|Directed by||Régis Wargnier|
|Written by||Érik Orsenna|
|Produced by||Eric Heumann|
Linh Dan Pham
|Edited by||Agnès Schwab|
|Music by||Patrick Doyle|
|Distributed by||BAC Films|
|Box office||$29.6 million|
Indochine (French pronunciation: [ɛ̃dɔʃin]) is a 1992 French period drama film set in colonial French Indochina during the 1930s to 1950s. It is the story of Éliane Devries, a French plantation owner, and of her adopted Vietnamese daughter, Camille, set against the backdrop of the rising Vietnamese nationalist movement. The screenplay was written by novelist Érik Orsenna, screenwriters Louis Gardel and Catherine Cohen, and director Régis Wargnier. The film stars Catherine Deneuve, Vincent Pérez, Linh Dan Pham, Jean Yanne and Dominique Blanc. The film won the Academy Award for Best Foreign Language Film at the 65th Academy Awards.
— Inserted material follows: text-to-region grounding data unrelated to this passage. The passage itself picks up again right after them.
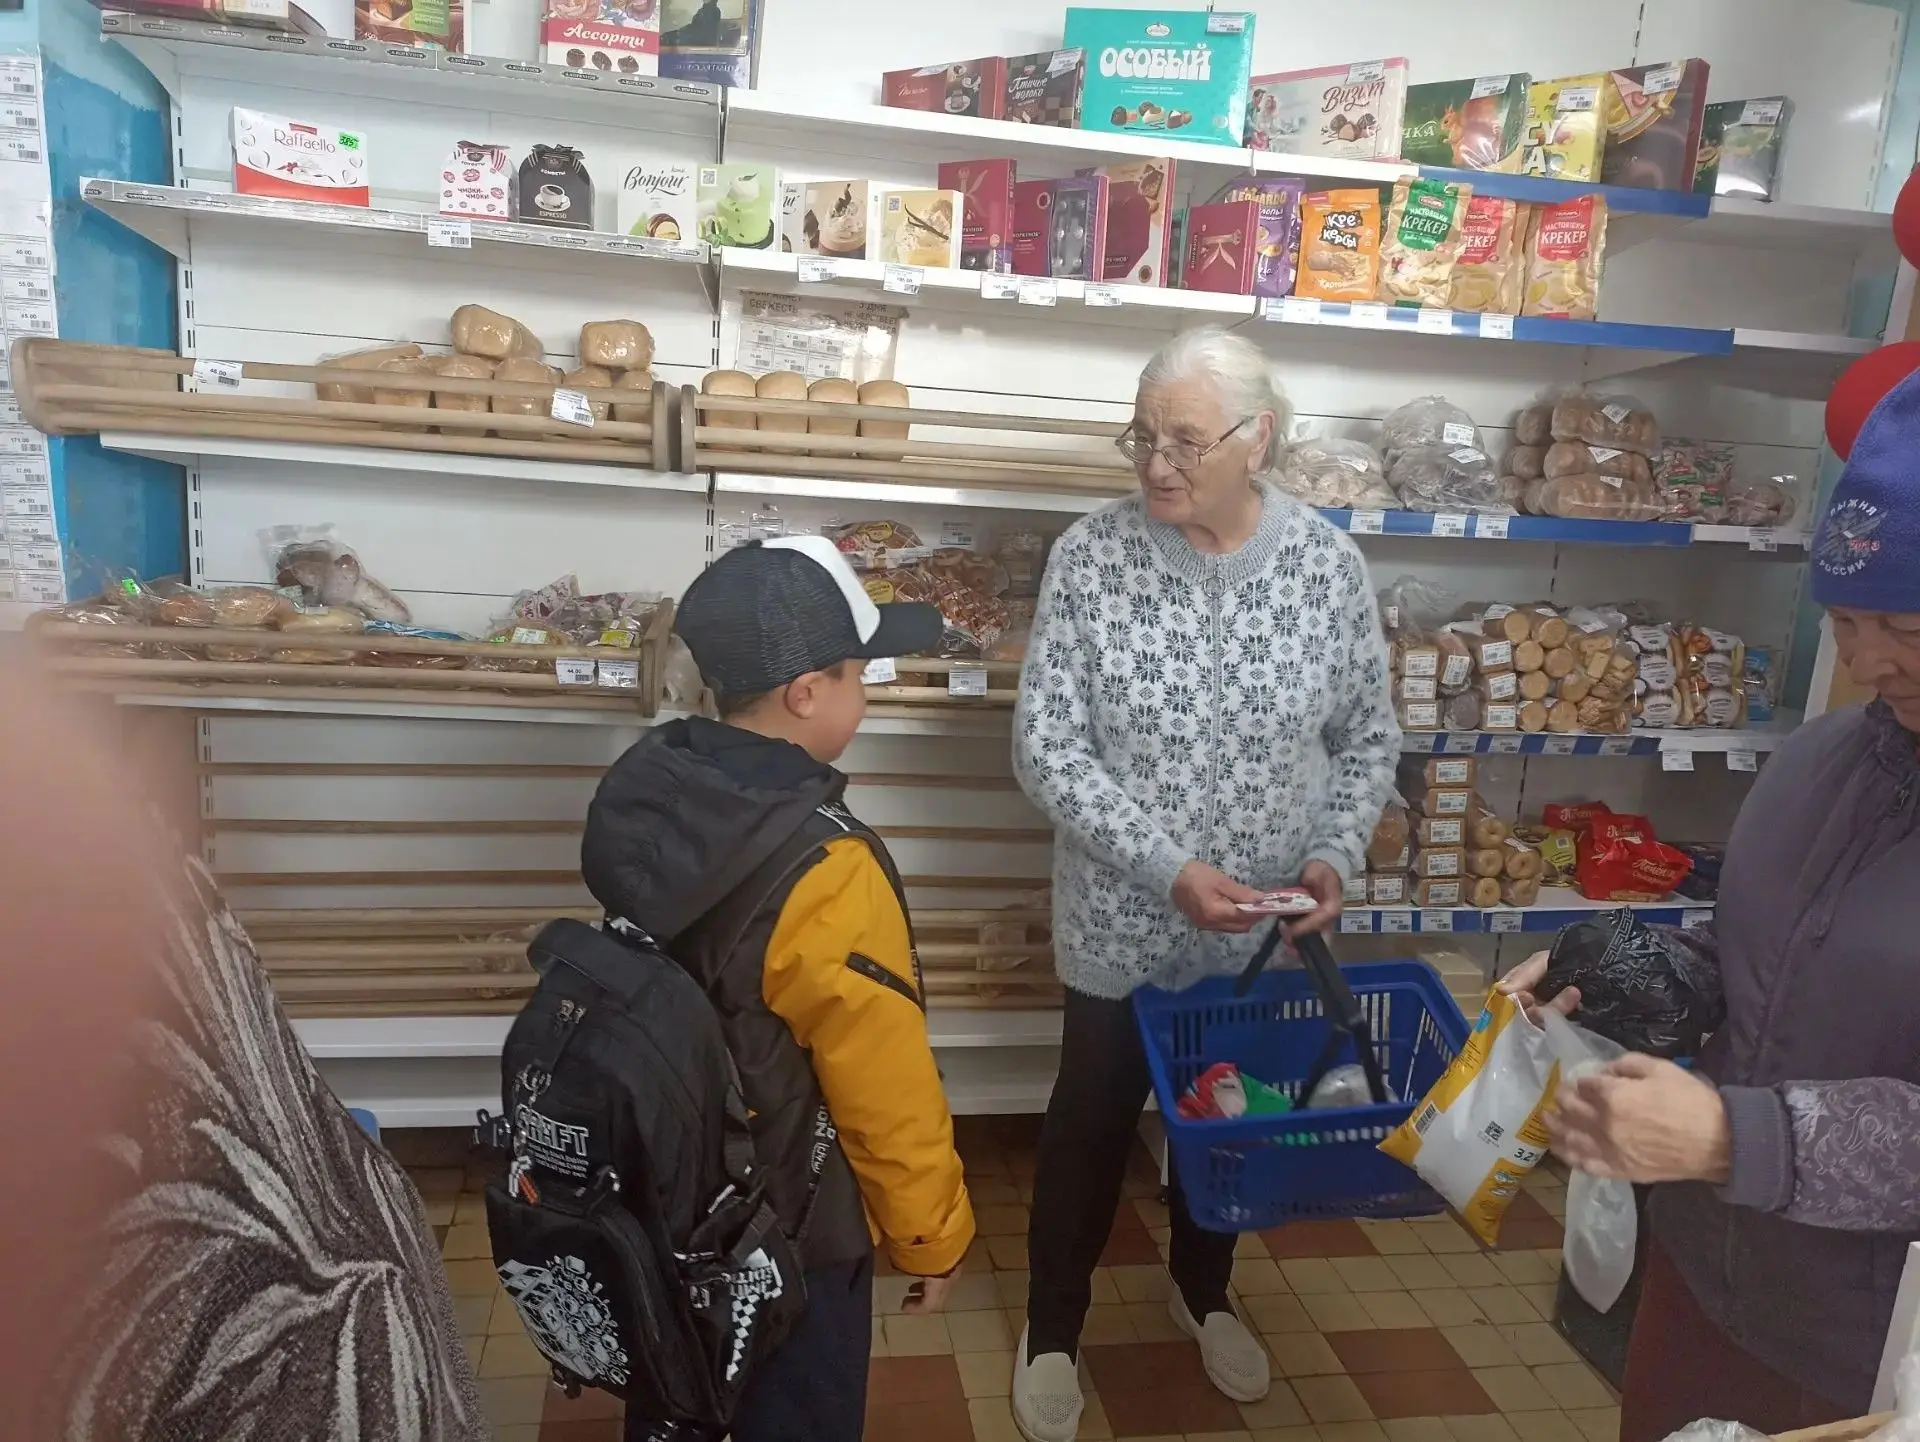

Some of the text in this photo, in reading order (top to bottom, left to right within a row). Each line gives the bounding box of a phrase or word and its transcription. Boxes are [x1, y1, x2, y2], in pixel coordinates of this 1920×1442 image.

[564, 23, 646, 49] Ассорти
[1099, 42, 1212, 81] ОСОБЫЙ
[274, 128, 336, 153] Raffaello
[623, 165, 690, 196] Bonjour
[539, 211, 567, 219] ESPRESSO
[1402, 215, 1447, 234] КРЕКЕР
[1541, 231, 1587, 244] КРЕКЕР
The story is narrated by Éliane Devries, a woman born to French parents in colonial Indochina, and is told through flashbacks. In 1930, Éliane runs her and her widowed father's large rubber plantation with many indentured laborers, whom she casually refers to as her coolies, and divides her days between her homes at the plantation and outside Saigon. She is also the adoptive mother of Camille, whose birth parents were friends of Éliane's and members of the Nguyễn Dynasty. Guy Asselin, the head of the French security services in Indochina, courts Éliane, but she rejects him and raises Camille alone giving her the education of a privileged European through her teens.
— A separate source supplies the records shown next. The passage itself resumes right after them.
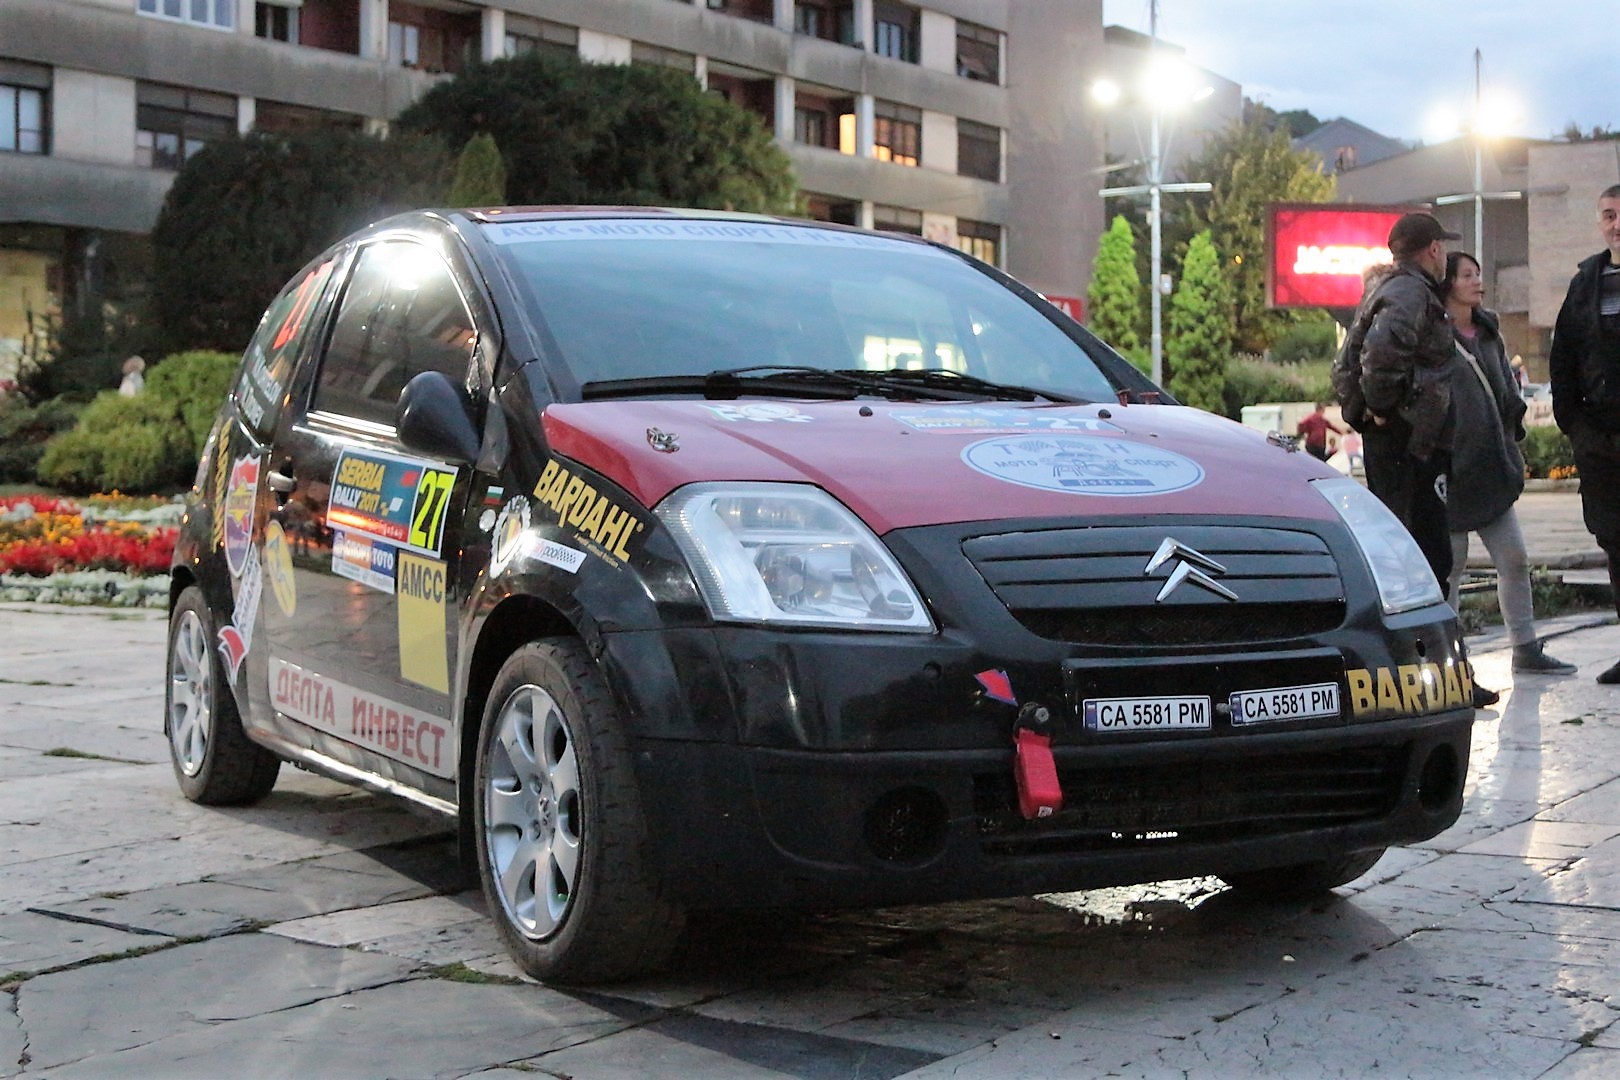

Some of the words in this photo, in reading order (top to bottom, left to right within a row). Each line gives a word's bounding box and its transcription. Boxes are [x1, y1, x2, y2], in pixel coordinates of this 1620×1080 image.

[585, 224, 676, 236] МОТО
[682, 225, 776, 239] СПОРТ
[1036, 417, 1103, 430] 27
[337, 456, 386, 492] SERBIA
[333, 485, 362, 508] RALLY
[358, 490, 381, 513] 2017
[409, 470, 455, 551] 27
[533, 458, 638, 563] BARDAHL
[400, 561, 443, 604] AMCC
[1245, 696, 1269, 719] CA
[1273, 693, 1306, 716] 5581
[1311, 689, 1334, 712] PM
[1347, 661, 1474, 717] BARDAH
[352, 695, 446, 769] ИНВЕСТ
[1100, 704, 1128, 727] CA
[1133, 703, 1172, 725] 5581
[1179, 702, 1204, 724] PM
Éliane meets a young French Navy lieutenant, Jean-Baptiste Le Guen, when they bid on the same painting at an auction. She is flustered when he challenges her publicly and surprised when he turns up at her plantation days later, searching for a boy whose sampan he set ablaze on suspicion of opium smuggling. Éliane and Jean-Baptiste begin a torrid affair.
Camille meets Jean-Baptiste by chance one day when he rescues her from a terrorist attack. Believing him to have saved her life, Camille falls in love with Jean-Baptiste at first sight, while Jean-Baptiste has no inkling of Camille's relation to Éliane. When Éliane learns of Camille's love for Jean-Baptiste, she uses her connections with high-ranking Navy officials to get Jean-Baptiste transferred to Haiphong. Jean-Baptiste angrily confronts Éliane about his transfer during a Christmas party at her home, resulting in a heated argument where he slaps her in front of his fellow officers. For his transgression, Jean-Baptiste is sent to the notorious Dragon Islet (Hòn Rồng), a remote French military base in northern Indochina.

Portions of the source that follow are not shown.